Hi, we were talking quite a lot with @thepolynom about LES simulation, so I created a (probably temporary) channel focused on this

so if some other wish to participate, all good

I've found a very nice discussion yesterday about the Smagorinsky model in OpenFOAM : https://www.cfd-online.com/Forums/openfoam/72277-how-use-dynsmagorinsky-model-correctly.html

(Sorry for the long text, hope someone will read and comment 😄 ) I started reading about LES few days ago, and here is what I understood so far (to be corrected): Physically : Eddies are present in the flow, larger eddies are the size of the geometry (~characteristic diameter let's say) and take their kinetic energy from the mean flow. Large eddies then "decompose" into smaller eddies by the cascade principle. When the eddies are finally small enough, they dissipate into heat. Physically, the loss into heat happen at all eddies size, but it is assumed that >90% of the transfer into heat happens at very small eddies only (not modeled by CFD) Numerically : The goal is to resolve the grid-size eddies, and model the sub-grid scales ones. However in LES models (Smagorinsky atleast, the only one I read properly), small eddies are supposed to be isotropic, and that is the reason why your mesh should be fine. If your mesh is not fine enough, the calculated dissipation will assume your eddies are isotropic, when they might not be in real life, and so your dissipation will be badly calculated > wrong results. Mesh size : the mesh size should be: - normal to the wall : y+ < 1, with smooth grid expansion - streamwise : 50 < x+ < 150 - spanwise : 15 < z+ < 40 Values depends on the literature, but basically it's around those values, even though cases were shown to give proper results with x+ and z+ ~1500.

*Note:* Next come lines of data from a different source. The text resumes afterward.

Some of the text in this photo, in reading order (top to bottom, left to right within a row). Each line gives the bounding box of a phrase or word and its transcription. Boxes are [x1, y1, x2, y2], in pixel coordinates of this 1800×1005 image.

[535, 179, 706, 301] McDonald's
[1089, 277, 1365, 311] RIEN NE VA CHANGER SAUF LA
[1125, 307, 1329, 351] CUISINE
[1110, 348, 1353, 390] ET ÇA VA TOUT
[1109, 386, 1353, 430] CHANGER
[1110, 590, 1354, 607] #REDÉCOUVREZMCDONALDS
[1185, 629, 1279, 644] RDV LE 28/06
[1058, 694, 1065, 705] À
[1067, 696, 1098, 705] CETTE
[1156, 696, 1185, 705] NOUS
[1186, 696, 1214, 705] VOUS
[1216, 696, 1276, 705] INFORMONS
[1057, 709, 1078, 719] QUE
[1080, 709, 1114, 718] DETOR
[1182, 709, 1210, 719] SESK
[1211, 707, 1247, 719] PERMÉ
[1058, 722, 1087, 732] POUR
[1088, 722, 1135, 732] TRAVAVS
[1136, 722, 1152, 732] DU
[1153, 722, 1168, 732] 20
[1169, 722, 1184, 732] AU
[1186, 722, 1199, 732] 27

The first LES model to be created was the Smagorinsky one. The basic problem is the estimation of the turbulent viscosity : Viscosity_turb = [ Coef . Delta ]^2 * |S| |S| : magnitude of the strain-rate tensor Coef : Smagorinsky coef Delta : Filter width And here starts the problems : Coef is constant in this model, but in real life, it depends on the flow and is actually different everywhere in the domain, so a bad estimation of this value (it is bad anyway, since OF will assume it's the same in the whole domain) can lead to unproper results. Close to the wall, the viscosity should tend to 0, and it is not true with the given formula, so a damping function is applied (vanDriest), to reduce the value of the viscosity close to the wall. The damping is applied up to y+ = 500. Main disadvantages of the Smagorinsky model: - Too dissipative in laminar regions - Not good for laminar-turbulent transition (due to the constant Coef I guess) - Backstatter is not modeled (sometimes, smaller eddies are actually giving energy to bigger eddies)

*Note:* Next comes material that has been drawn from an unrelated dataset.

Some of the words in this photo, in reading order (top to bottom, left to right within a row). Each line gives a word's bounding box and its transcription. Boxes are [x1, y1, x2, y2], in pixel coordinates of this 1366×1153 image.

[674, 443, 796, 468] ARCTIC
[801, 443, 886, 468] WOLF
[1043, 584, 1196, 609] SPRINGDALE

So, to solve this problem, DynSmagorinsky is here, but wait for it: In the paper, the dynamic Smagorinsky is going to calculate the Coefficient depending on time and space. But it is not how it is implemented in OpenFOAM. In Openfoam it takes an average value for the whole domain, which changes yes, but it's still constant for the whole domain. So, for example, with the dynamic adaptation of the Coef, there shouldn't be a need for damping close to the wall, but here, it is maybe needed somehow, so it's weird and not a really useful model then.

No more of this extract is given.